A divulgação pelo Ministério da
Justiça dos dados sobre homicídios e mortes de mulheres por agressão, na semana
passada, reforça o peso social de uma das principais demandas apresentadas no
manifesto nacional da Marcha das Mulheres Negras 2015.
Primeira mobilização
nacional protagonizada pelas negras brasileiras, a marcha que acontecerá no dia
18 de novembro, em Brasília, destaca a necessidade de o Estado desenvolver
políticas efetivas de enfrentamento ao feminicídio de mulheres negras.

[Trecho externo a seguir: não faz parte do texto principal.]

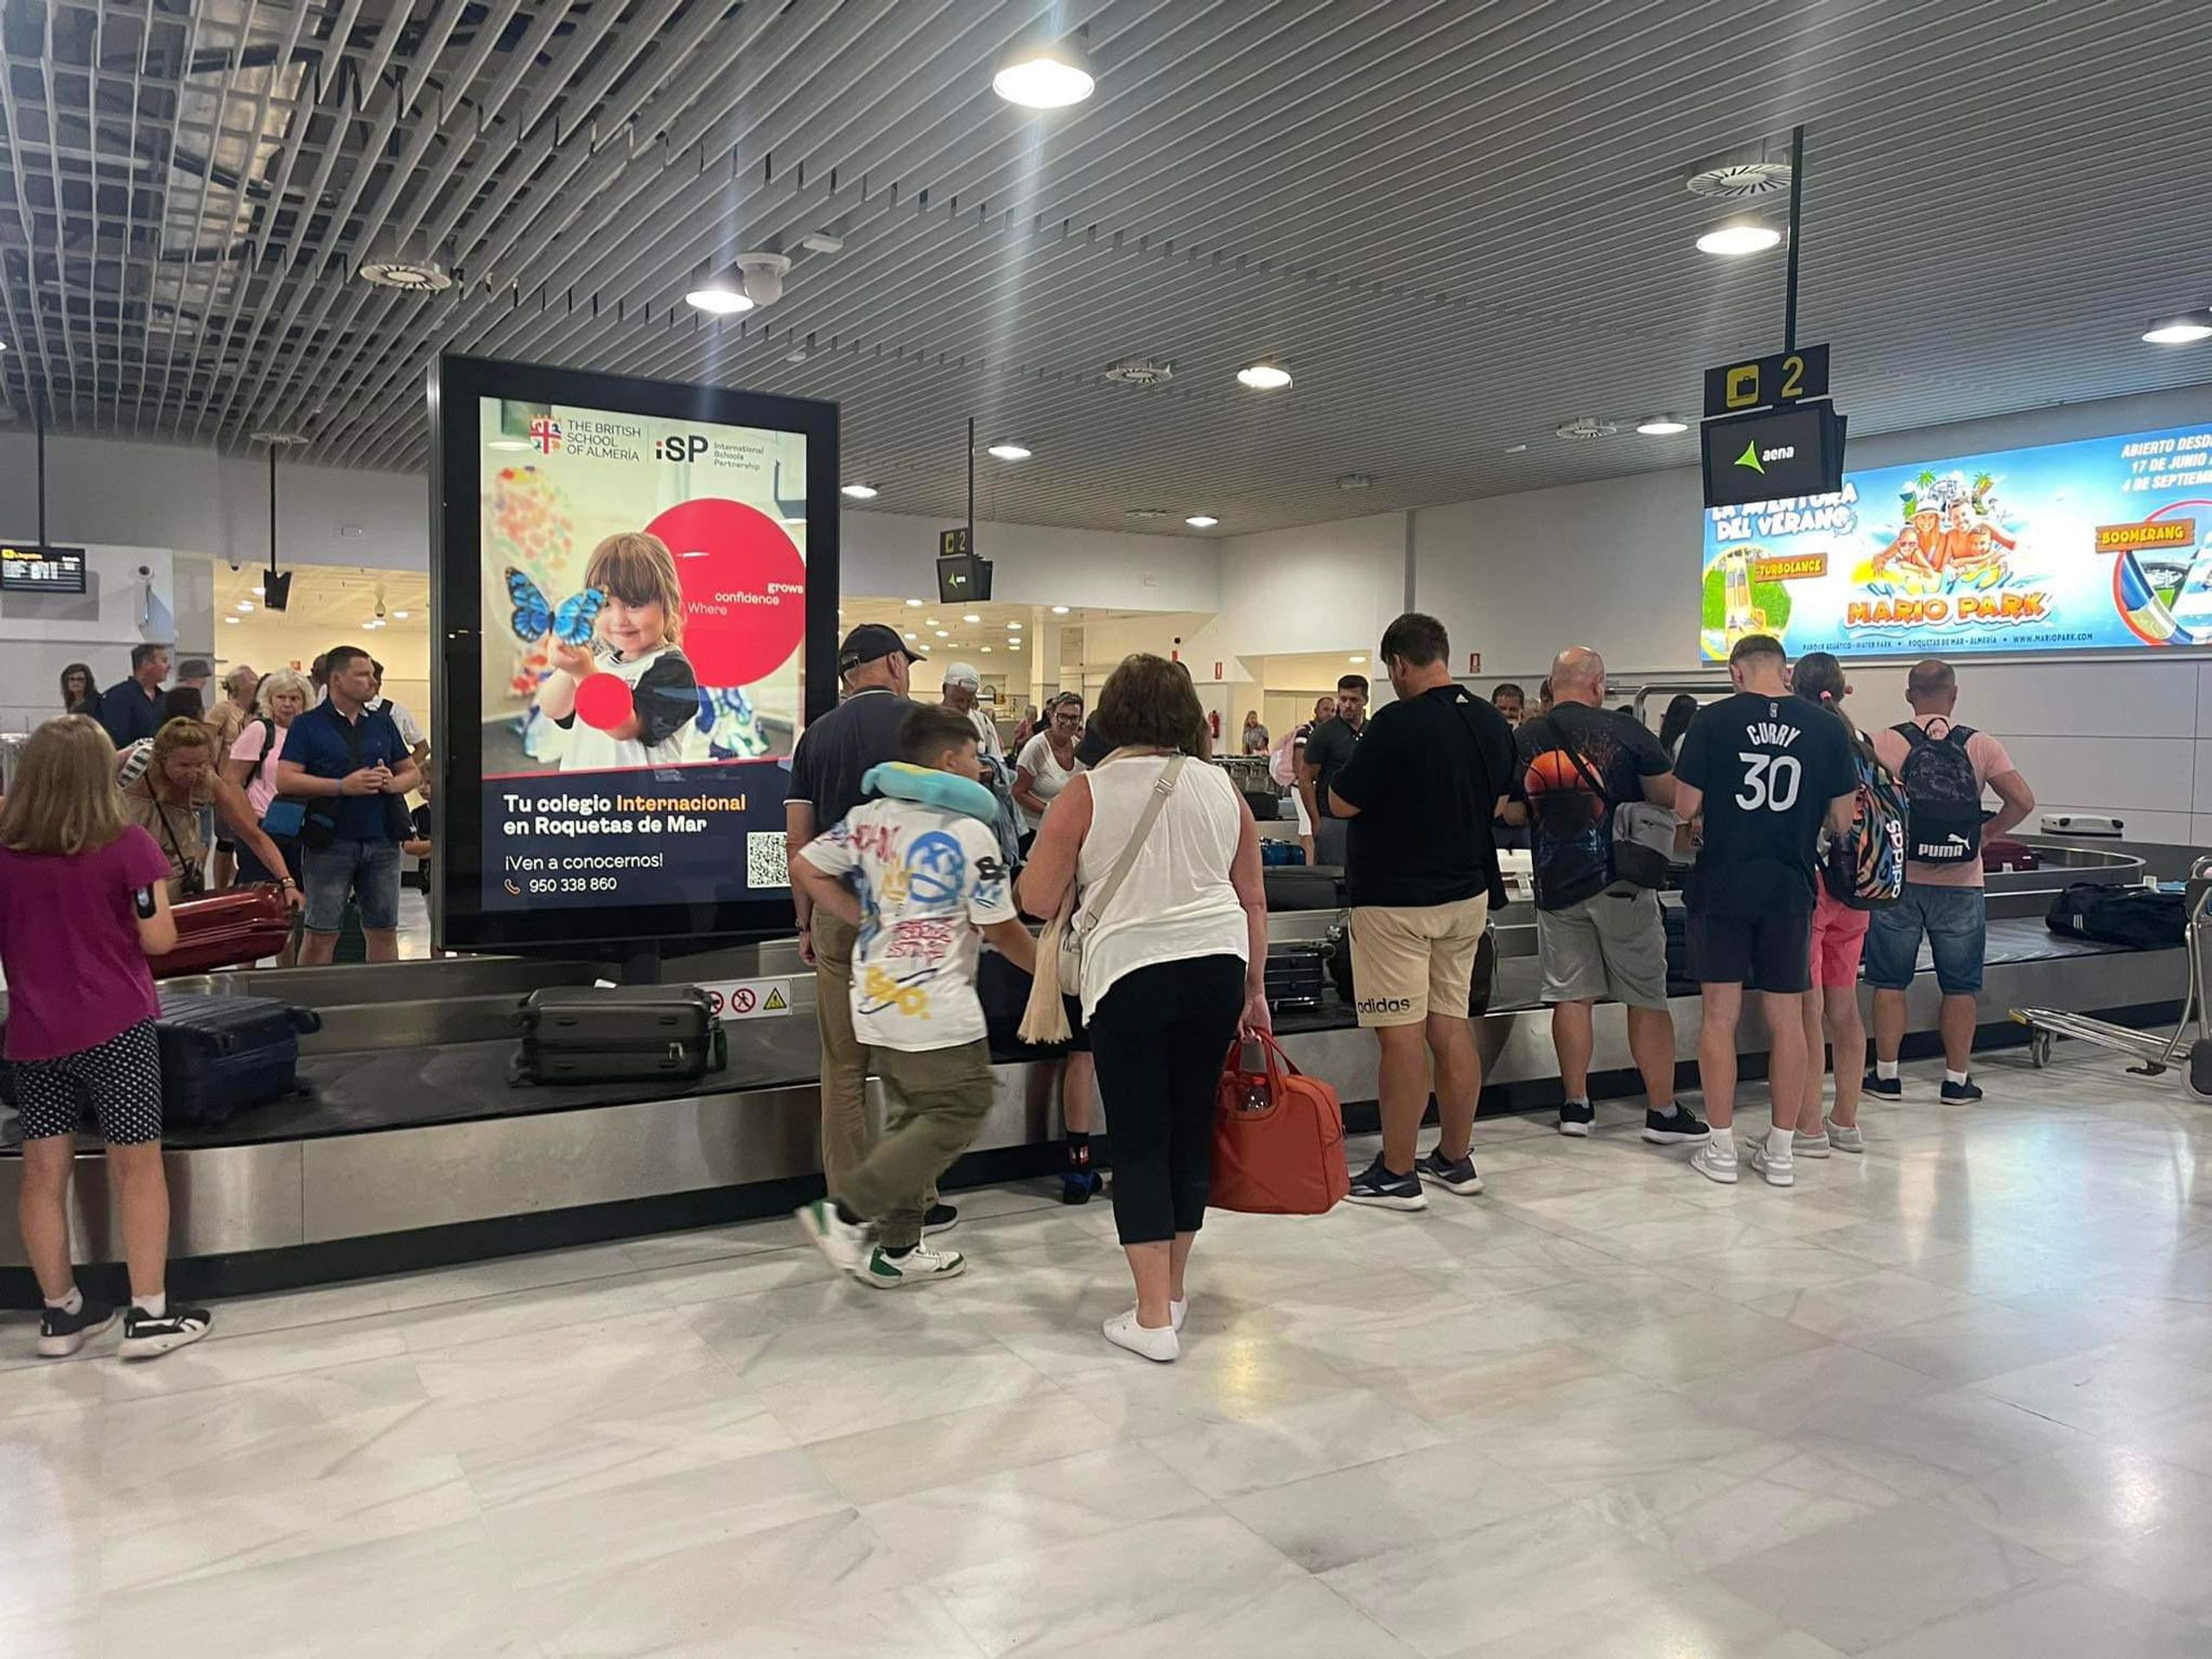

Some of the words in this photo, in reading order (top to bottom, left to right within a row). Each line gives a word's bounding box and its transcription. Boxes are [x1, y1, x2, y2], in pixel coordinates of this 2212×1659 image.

[1781, 356, 1804, 398] 2
[568, 420, 591, 432] THE
[595, 423, 641, 438] BRITISH
[567, 434, 618, 448] SCHOOL
[656, 435, 709, 463] iSP
[714, 442, 764, 454] International
[2120, 440, 2175, 458] ABIERTO
[2177, 435, 2212, 450] DESD
[567, 445, 583, 456] OF
[586, 446, 640, 462] ALMERÍA
[714, 450, 744, 461] Schools
[1763, 446, 1795, 462] aena
[714, 459, 761, 471] Partnership
[2132, 459, 2148, 474] 17
[2149, 458, 2167, 472] DE
[2168, 453, 2206, 469] JUNIO
[2121, 479, 2133, 493] 4
[2133, 476, 2151, 491] DE
[1718, 517, 1752, 541] DEL
[2101, 525, 2184, 545] BOOMERANG
[959, 531, 966, 551] 2
[1759, 559, 1822, 577] TURBOLANCE
[766, 582, 804, 594] grows
[715, 591, 779, 606] confidence
[687, 602, 728, 615] Where
[1847, 597, 1948, 625] MARIO
[1957, 592, 2046, 619] PARK
[2013, 633, 2094, 644] WWW.MARIOPARK.COM
[1746, 722, 1802, 748] CURRY
[1735, 752, 1802, 811] 30
[503, 794, 531, 813] Tu
[537, 794, 612, 816] colegio
[616, 793, 747, 812] Internacional
[503, 819, 530, 836] en
[535, 817, 633, 838] Roquetas
[638, 815, 663, 833] de
[668, 815, 708, 833] Mar
[1885, 819, 1904, 899] adidas
[1918, 843, 1963, 857] PUMA
[505, 855, 544, 873] ¡Ven
[548, 859, 558, 871] a
[563, 852, 664, 871] conocernos!
[529, 879, 557, 893] 950
[560, 878, 588, 893] 338
[590, 876, 618, 892] 860
[1357, 998, 1410, 1014] adidas

A taxa de morte violenta de
mulheres no Brasil é de cerca de 10% do total de homicídios dolosos, como
referido no próprio relatório Diagnóstico dos Homicídios no Brasil pela
pesquisadora da UFRGS Stela Meneghel. No entanto, quando analisados os
assassinatos de mulheres negras, reproduz-se um perfil qualificado no relatório
como de “continuidade das características apresentadas para os homens”. Elas
são 68,8% das vítimas. A taxa de assassinatos de negras segue representando o
dobro da taxa de homicídios das brancas por 100 mil habitantes. E na população
feminina entre 15 e 29 anos a discrepância é ainda maior. Enquanto para as
jovens brancas a taxa é de 4,6 por 100 mil, entre as negras sobe para 11,5 por
100 mil, de acordo com informações do DataSUS/2013. A maioria dos óbitos estão
relacionados à violência doméstica e intrafamiliar e os autores são, em geral,
seus parceiros ou ex-parceiros íntimos.
“Muitas vezes camuflamos essa
realidade porque falamos mais das mortes dos meninos, jovens e homens negros,
que enlutam sempre mulheres, irmãs, mães, filhas. Mas essa é somente uma das
dimensões de como a violência impacta a vida das mulheres negras, que por vezes
camufla as outras violências que as mulheres negras sofrem”, ressalta a
advogada Maria Sylvia Oliveira, presidenta do Geledés – Instituto da Mulher
Negra.
Como em outros estudos, no
relatório Diagnóstico dos Homicídios no Brasil a população negra aparece como a
mais vitimada e vulnerável à violência no país. Representando 50,7% dos
brasileiros, os autodeclarados pretos e pardos somaram 72% dos assassinados em
2013, de um total de 50.715 mortes registradas nas quais o campo raça/cor foi
preenchido. Há ainda 7% de vítimas de óbito por agressão cuja condição racial
não foi identificada nos registros.
Racismo patriarcal
Em seminário promovido pelo
Centro de Formação do Sesc São Paulo no último dia 15, ainda antes da
divulgação do Diagnóstico, Lúcia Xavier, coordenadora da ONG fluminense Criola,
lembrou que “temos ainda dados encobertos, que não permitem que a gente saiba
qual é efetivamente a realidade da violência sofrida por essas mulheres. Quais
são as condições da violência doméstica e sexual em que as mulheres negras
estão mergulhadas? Por que temos um destaque tão especial nesse processo? Por
que entre nós a violência faz parte do processo de opressão e invisibilidade?”.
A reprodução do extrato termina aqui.